Accounting and IT outsourcing risks (cont.)
Read in Latvian
Read in Russian
To pick up where we left off last week, this article explores the main defects of an outsourcing agreement and outlines our recommendations.
An accounting outsourcing agreement fails to specify a mechanism for verifying that the accounting system meets core security requirements. Neither the management nor auditors can rely on the accuracy of electronically prepared financial information, and so additional resources and time will need to be invested to check the information manually. The outsourcing exercise may not pay off because extra costs arise.
An accounting or IT outsourcing agreement fails to specify a mechanism for verifying that quality services are rendered within agreed time limits or a mechanism for preventing any problems.

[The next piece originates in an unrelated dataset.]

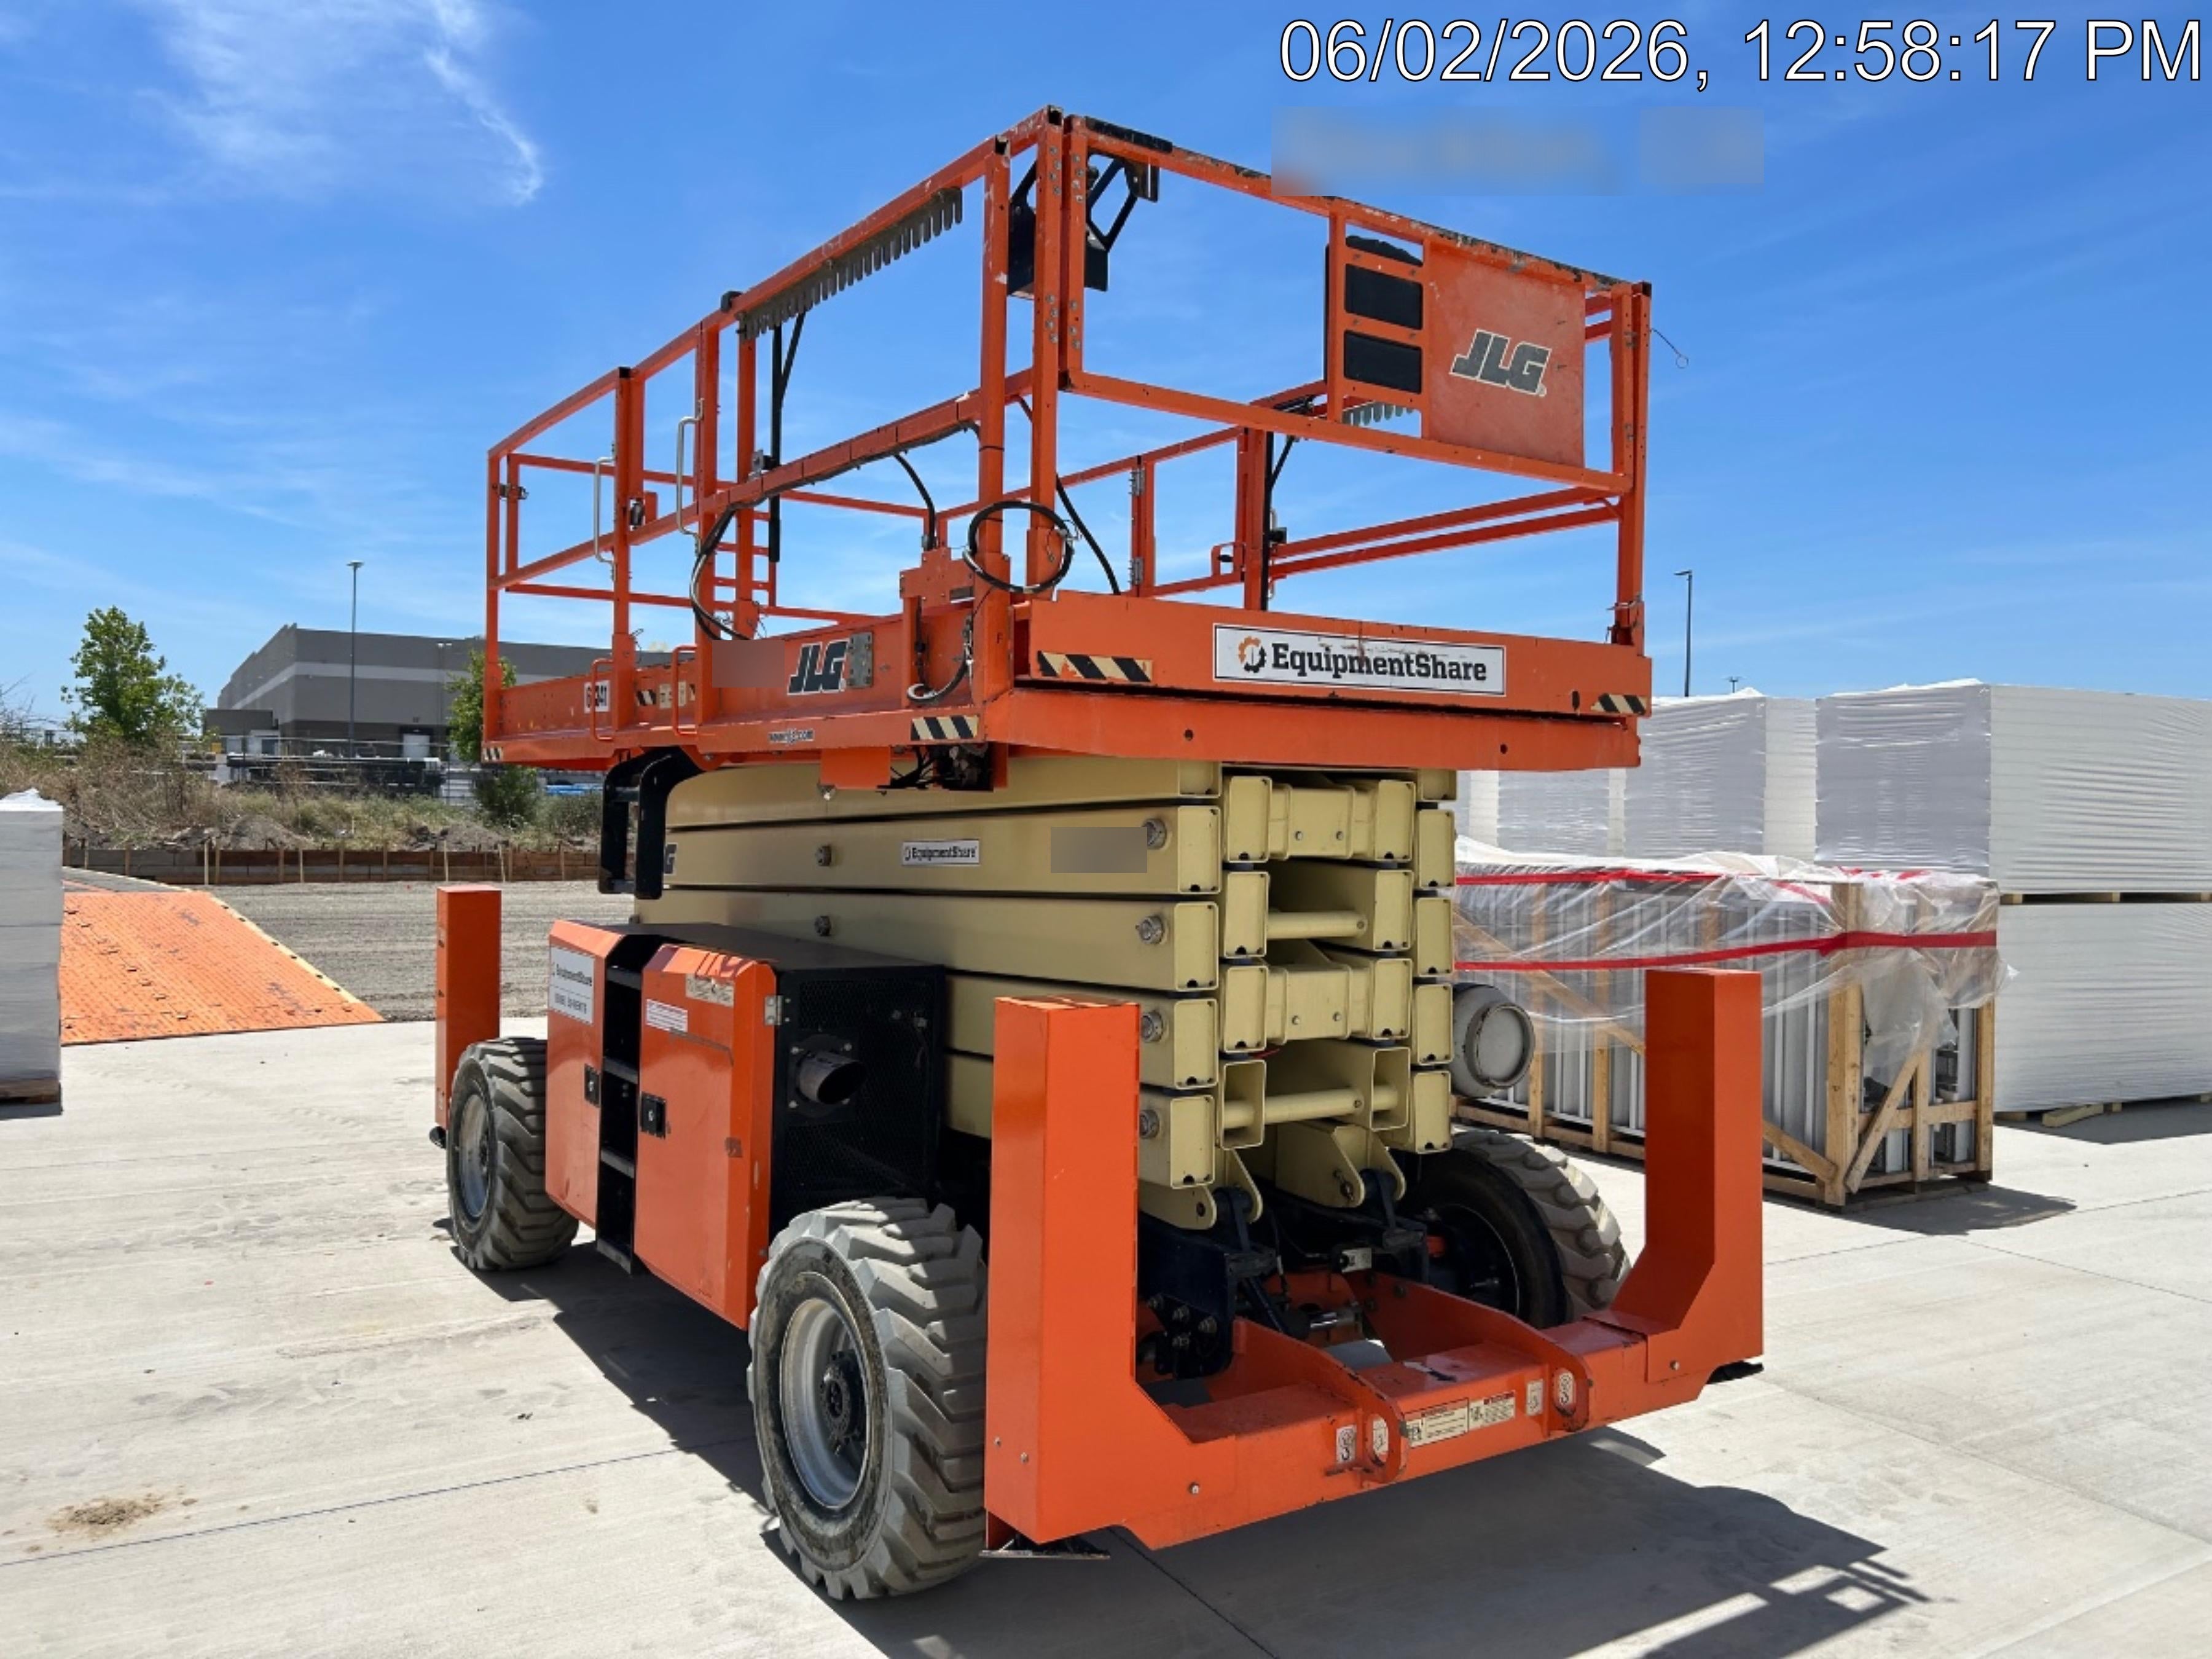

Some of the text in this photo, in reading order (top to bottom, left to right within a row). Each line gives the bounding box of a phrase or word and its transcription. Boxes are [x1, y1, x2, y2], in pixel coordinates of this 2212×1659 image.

[1449, 328, 1552, 395] JLG
[786, 638, 850, 696] JLG
[1271, 643, 1487, 681] EquipmentShare

For example, reports are filed on time or, in the case of IT services, information flow security mechanisms are in place and steps have been taken to protect the company’s confidential data against external attacks. If personal data or confidential client information falls into the hands of third parties this may lead to expensive lawsuits, a damaged reputation, and in certain instances even termination of business.
The agreement provides for appropriate division of responsibility, but the company fails to supervise the performance of all the terms of the contract. What this often means in practice is that the external provider simply does not provide any unsupervised services, while the customer’s management rely on the provider to carry out the terms of the contract. Such a breach usually goes unnoticed until major problems arise, but the company may be left without some essential internal processes, which may affect not only its staff but also client interests.
Carefully select an external provider that is capable of supplying your company with quality services tailored to your needs. The main mistake might be choosing a small company that charges a lower price but is unable to supply the required scope, or choosing a larger company where your requirements could be much lower.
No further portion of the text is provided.